BP's costs over the Gulf of Mexico oil spill soared Monday above three billion dollars, while a giant Taiwanese ship provided hope of revolutionizing on-sea skimming operations.

"The cost of the response to date amounts to approximately 3.12 billion dollars, including the cost of the spill response, containment, relief well drilling, grants to the Gulf states, claims paid, and federal costs," BP said.

The latest estimate is far higher than the 2.65 billion dollars given by the energy firm one week ago.

BP's share price has collapsed more than 50 percent since the Deepwater Horizon rig it leased sank on April 22, two days after a blast that killed 11 workers.

After intense pressure from President over the worst ever US environmental disaster, BP agreed last month to suspend its shareholder dividend and create a 20-billion-dollar fund for costs arising from the spill.

BP is also selling non-core assets to raise 10 billion dollars, while international ratings agencies have downgraded the company's credit worthiness.

Nearly a week after Hurricane Alex swept through the region, bad weather continued to hamper the clean-up, keeping smaller skimming vessels tied up in harbors in the affected Gulf states of Mississippi, Alabama and Florida.

Skimming has resumed in calmer seas off the coast of Louisiana as have other operations to fend off the spill, including the laying of protective boom to protect fragile shorelines from the tides of toxic crude, officials said.

Although there was no direct hit from Alex, the first major Atlantic storm system of 2010 provided a reminder of the urgent need to clean up the crude spewing into the sea from the debris of the sunken Deepwater Horizon rig.

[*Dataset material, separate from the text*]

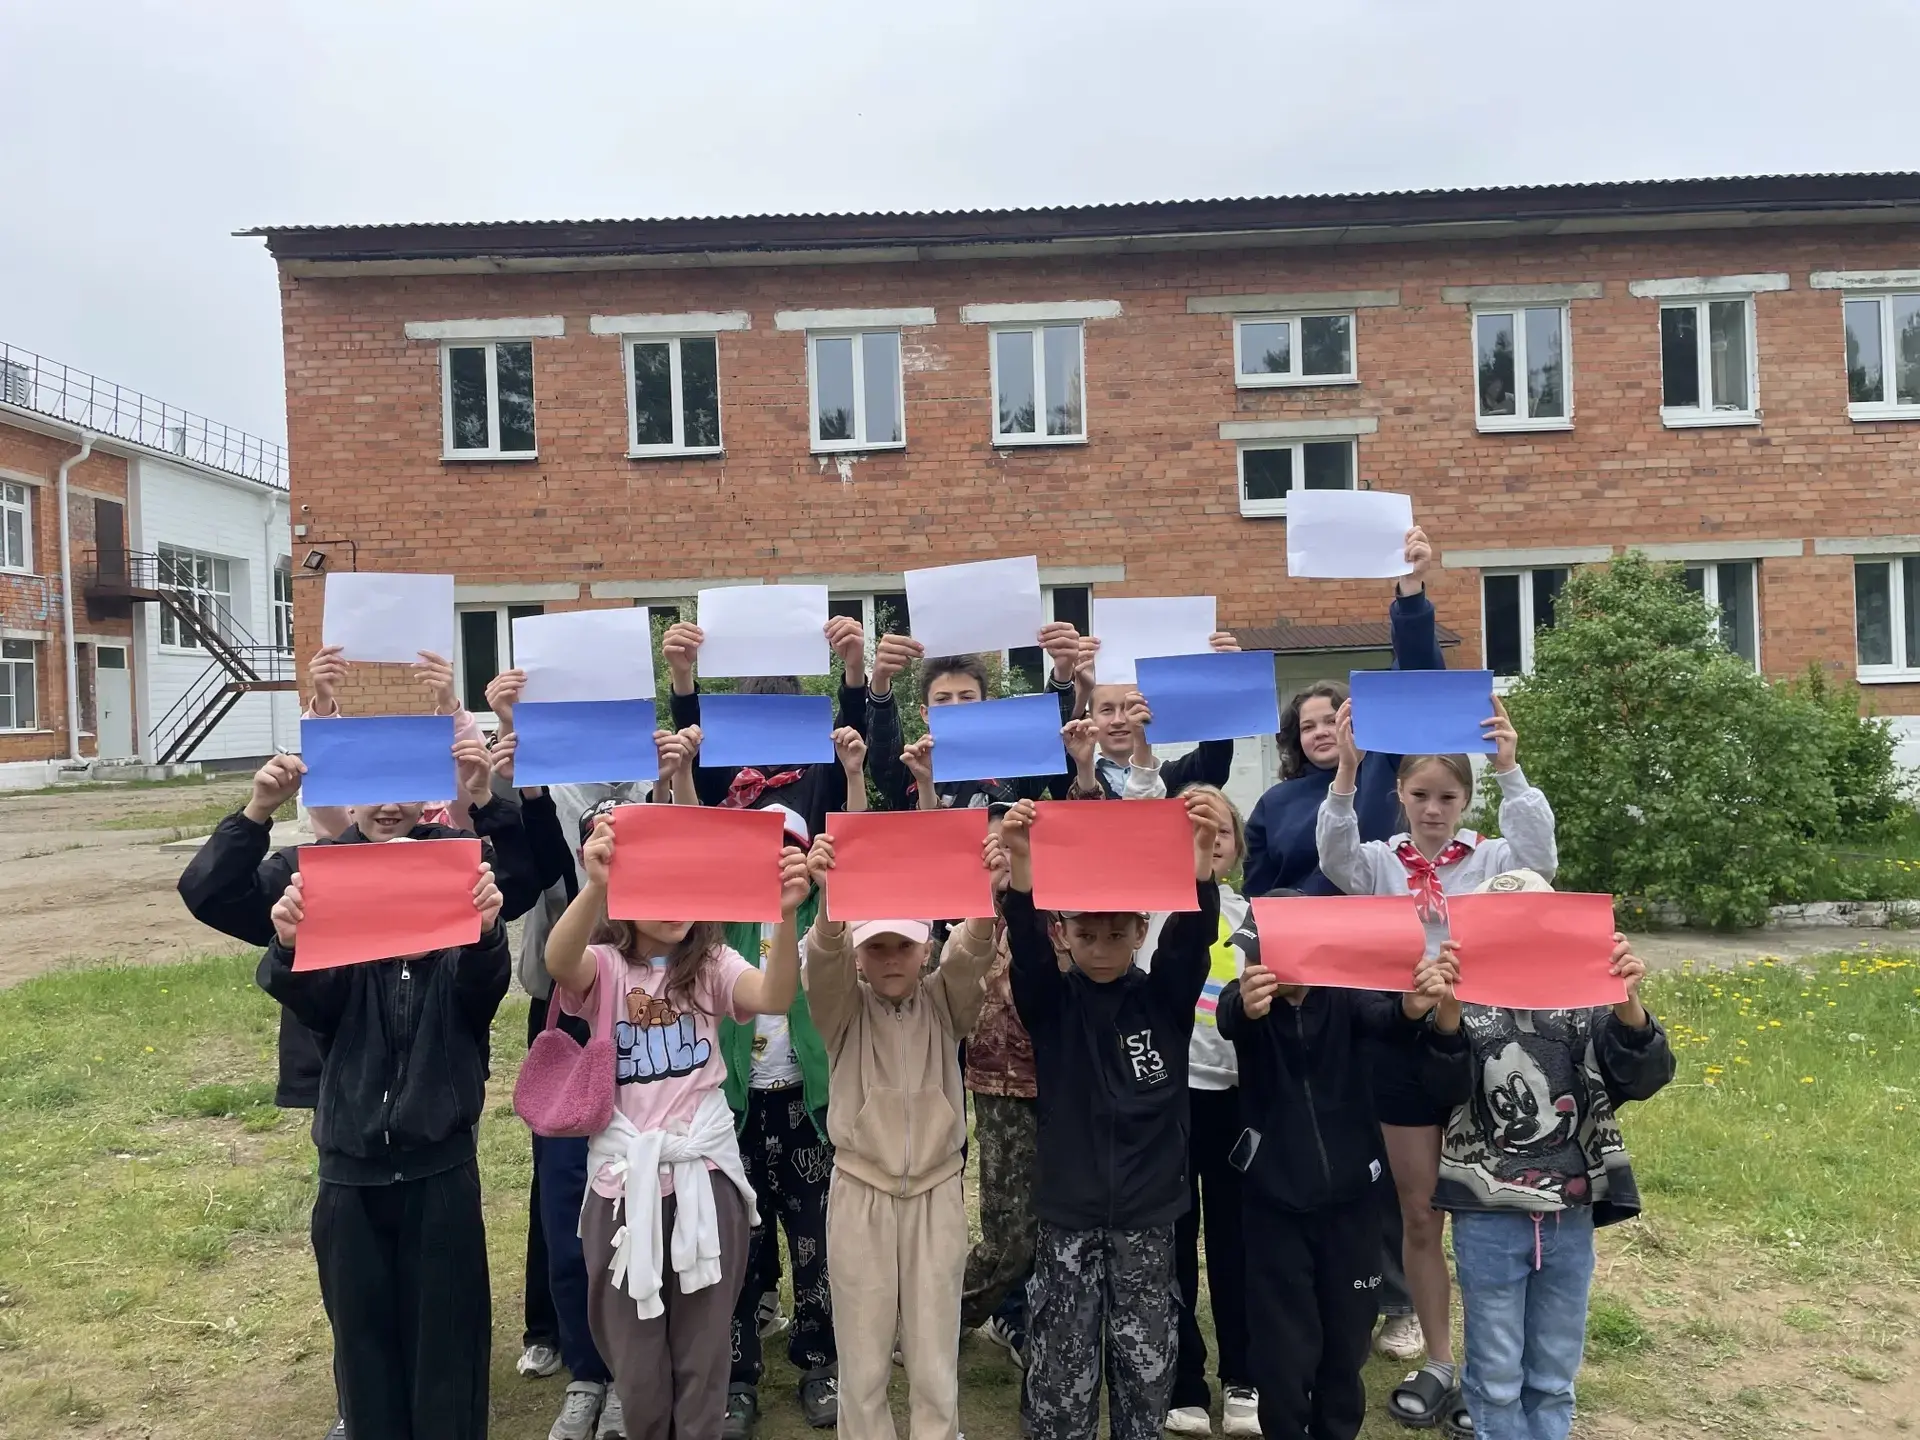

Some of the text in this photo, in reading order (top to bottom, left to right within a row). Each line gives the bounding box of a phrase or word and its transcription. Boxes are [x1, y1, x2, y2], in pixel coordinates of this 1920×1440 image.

A major boon to the clean-up effort could come in the form of "A Whale," a giant ship converted by its Taiwanese owners into potentially the world's largest oil skimming vessel.

Owners TMT Shipping Offshore say the "A Whale" can suck up to 500,000 barrels (21 million gallons) of oily water a day through its "jaws," a series of vents on the side of the ship.

By comparison, more than 500 smaller vessels have in the past 10 weeks only managed to collect 23.5 million gallons of oil-water mix between them.

Tests on the "A Whale", which traveled more than half-way around the world from Taiwan to the Gulf, were ongoing but approval for it to start skimming operations could come as early as Tuesday.

The fractured pipe that connected the BP-leased platform to the well a mile down on the sea floor has now spewed somewhere between two and four million barrels of oil into the Gulf.

A containment system has captured about 600,000 barrels of oil, but rough seas delayed the deployment of a third vessel that could boost capacity from 25,000 barrels to 53,000 barrels a day.

It is now the worst ever oil spill to afflict US shores and is surpassed only by the deliberate release of crude by Iraqi troops who destroyed tankers and oil terminals and set wells ablaze in Kuwait during the 1991 Gulf War.

It will likely be mid-August at the earliest before the Gulf well is permanently capped by injecting mud and cement with the aid of relief wells.

The current system contains oil by siphoning it up through a "top hat" funnel system to the Discoverer Enterprise processing ship and burning oil and gas aboard a second vessel called the Q4000.

A third ship -- the Helix Producer I -- capable of sucking up another 25,000 barrels of oil is in the area but high seas have prevented workers from hooking it up to the ruptured well.

BP hopes the Helix Producer I, which will have a flexible connection to a floating pipe so it can disconnect "fairly quickly" in the event of another hurricane, will be up and running on Thursday, spokesman Robert Wine told AFP.